___ Supplied material
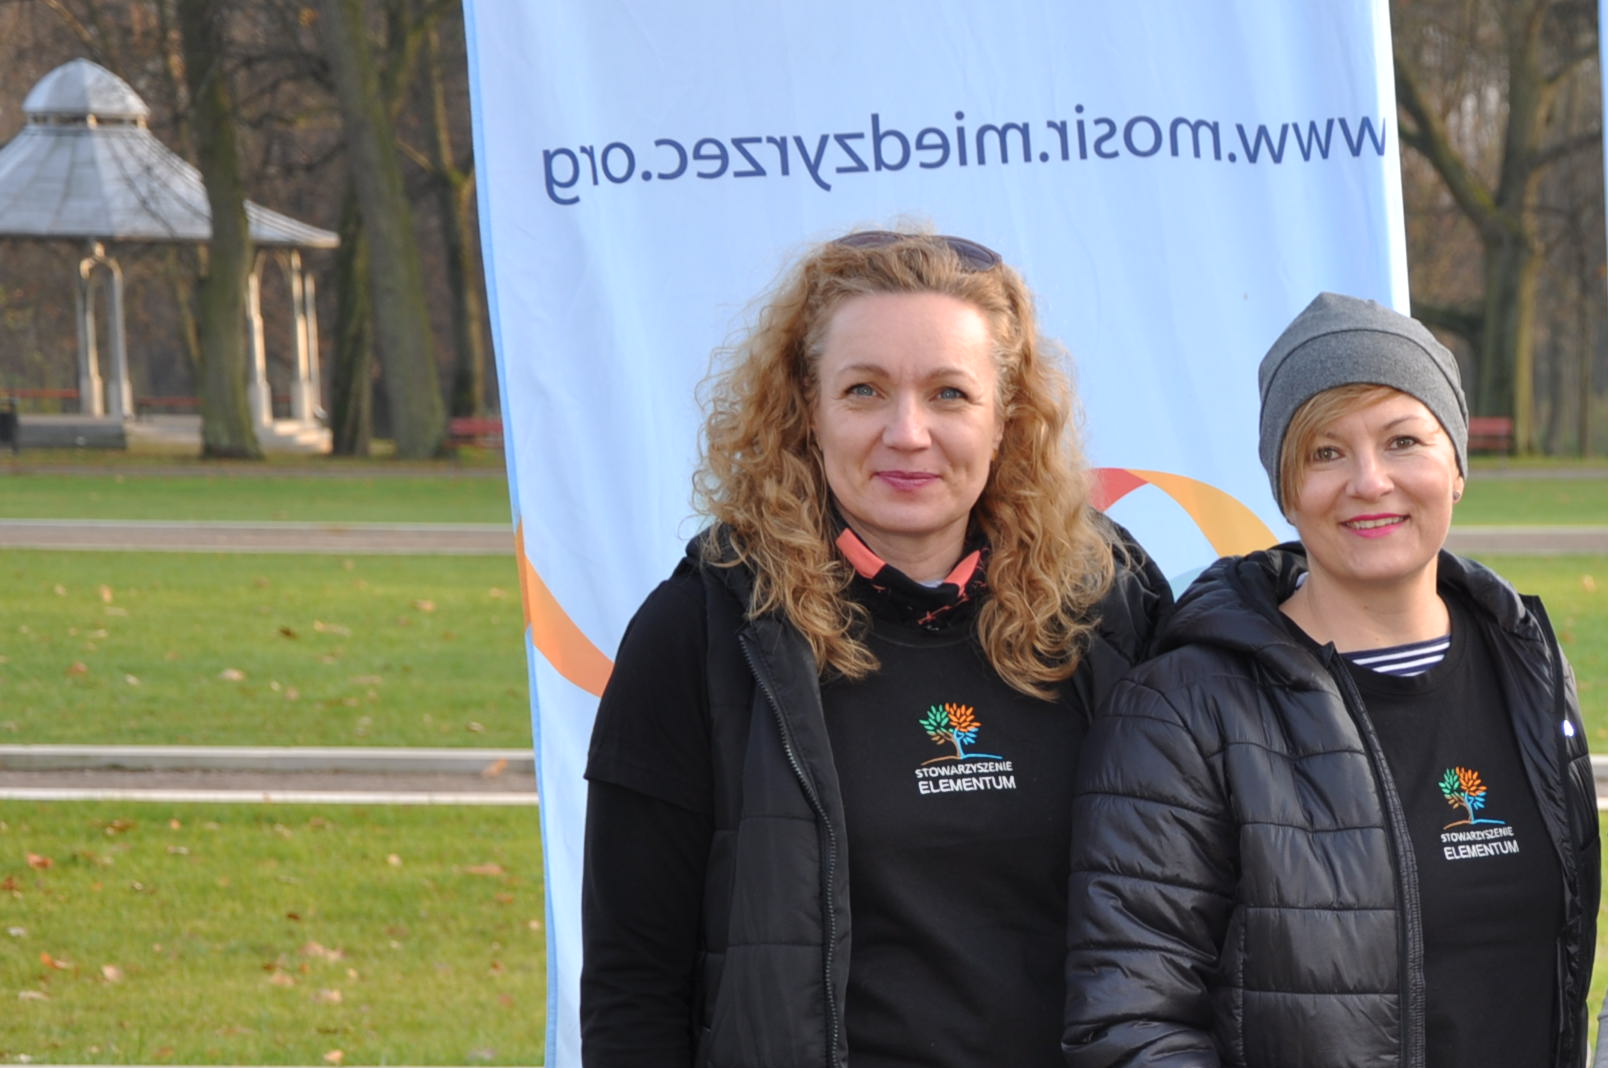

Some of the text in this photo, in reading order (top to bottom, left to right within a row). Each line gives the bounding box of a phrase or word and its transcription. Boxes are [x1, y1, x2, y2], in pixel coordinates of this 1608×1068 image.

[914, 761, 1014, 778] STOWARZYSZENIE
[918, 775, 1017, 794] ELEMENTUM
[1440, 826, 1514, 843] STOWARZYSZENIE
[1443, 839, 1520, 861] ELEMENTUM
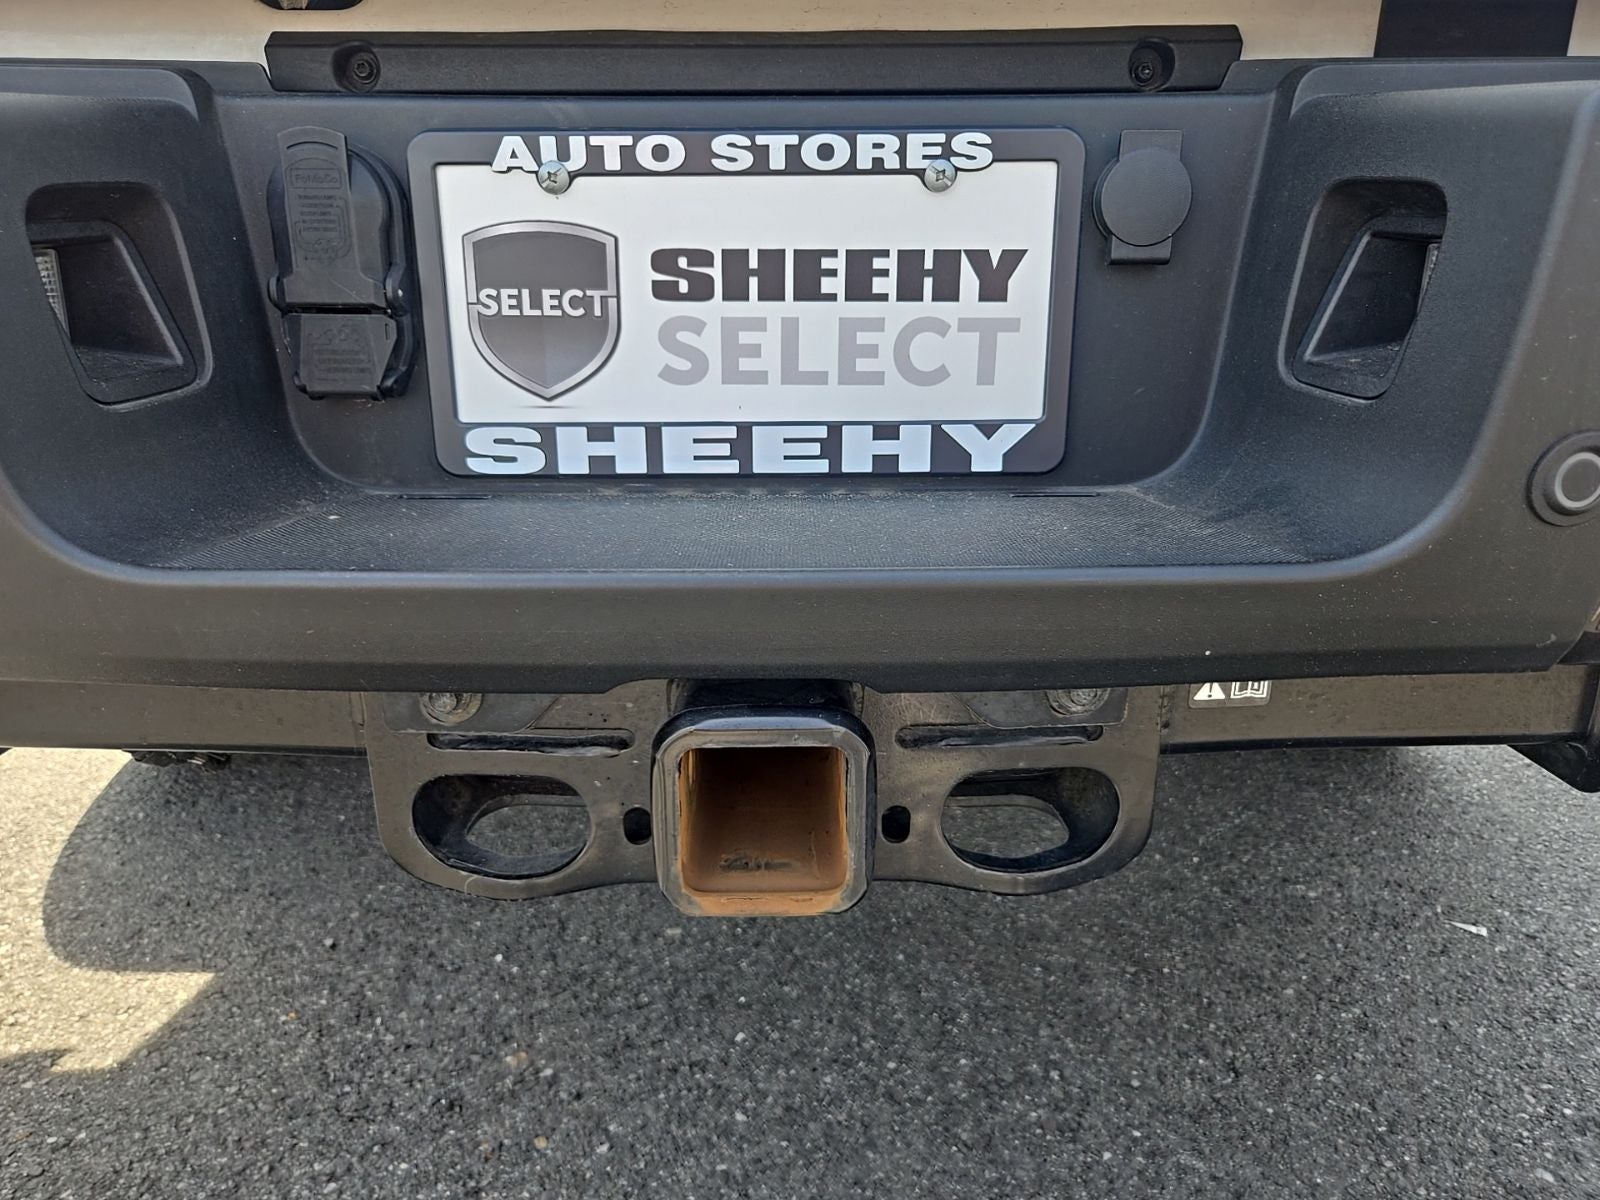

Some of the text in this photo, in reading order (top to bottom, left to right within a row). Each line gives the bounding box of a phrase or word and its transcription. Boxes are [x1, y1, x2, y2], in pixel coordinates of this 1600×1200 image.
______
(What the task requires) Every record above should be written out again exactly; the pictures stay out of the copy.

(Expected answer)
Some of the text in this photo, in reading order (top to bottom, left to right within a row). Each line gives the bounding box of a phrase or word and its transcription. Boxes are [x1, y1, x2, y2], in pixel coordinates of this 1608×1068 image.

[914, 761, 1014, 778] STOWARZYSZENIE
[918, 775, 1017, 794] ELEMENTUM
[1440, 826, 1514, 843] STOWARZYSZENIE
[1443, 839, 1520, 861] ELEMENTUM

Some of the text in this photo, in reading order (top to bottom, left to right within a row). Each line gives the bounding box of a phrase or word and its transcription. Boxes are [x1, y1, x2, y2], in pixel coordinates of this 1600×1200 image.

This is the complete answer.